**Requirement:**
The reply must reproduce each line below exactly.

**Material provided:**
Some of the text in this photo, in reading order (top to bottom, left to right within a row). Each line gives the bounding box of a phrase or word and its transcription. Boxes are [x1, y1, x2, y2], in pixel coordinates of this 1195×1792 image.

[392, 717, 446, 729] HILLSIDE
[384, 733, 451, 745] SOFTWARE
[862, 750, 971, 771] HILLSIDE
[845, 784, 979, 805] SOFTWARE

**Result:**
Some of the text in this photo, in reading order (top to bottom, left to right within a row). Each line gives the bounding box of a phrase or word and its transcription. Boxes are [x1, y1, x2, y2], in pixel coordinates of this 1195×1792 image.

[392, 717, 446, 729] HILLSIDE
[384, 733, 451, 745] SOFTWARE
[862, 750, 971, 771] HILLSIDE
[845, 784, 979, 805] SOFTWARE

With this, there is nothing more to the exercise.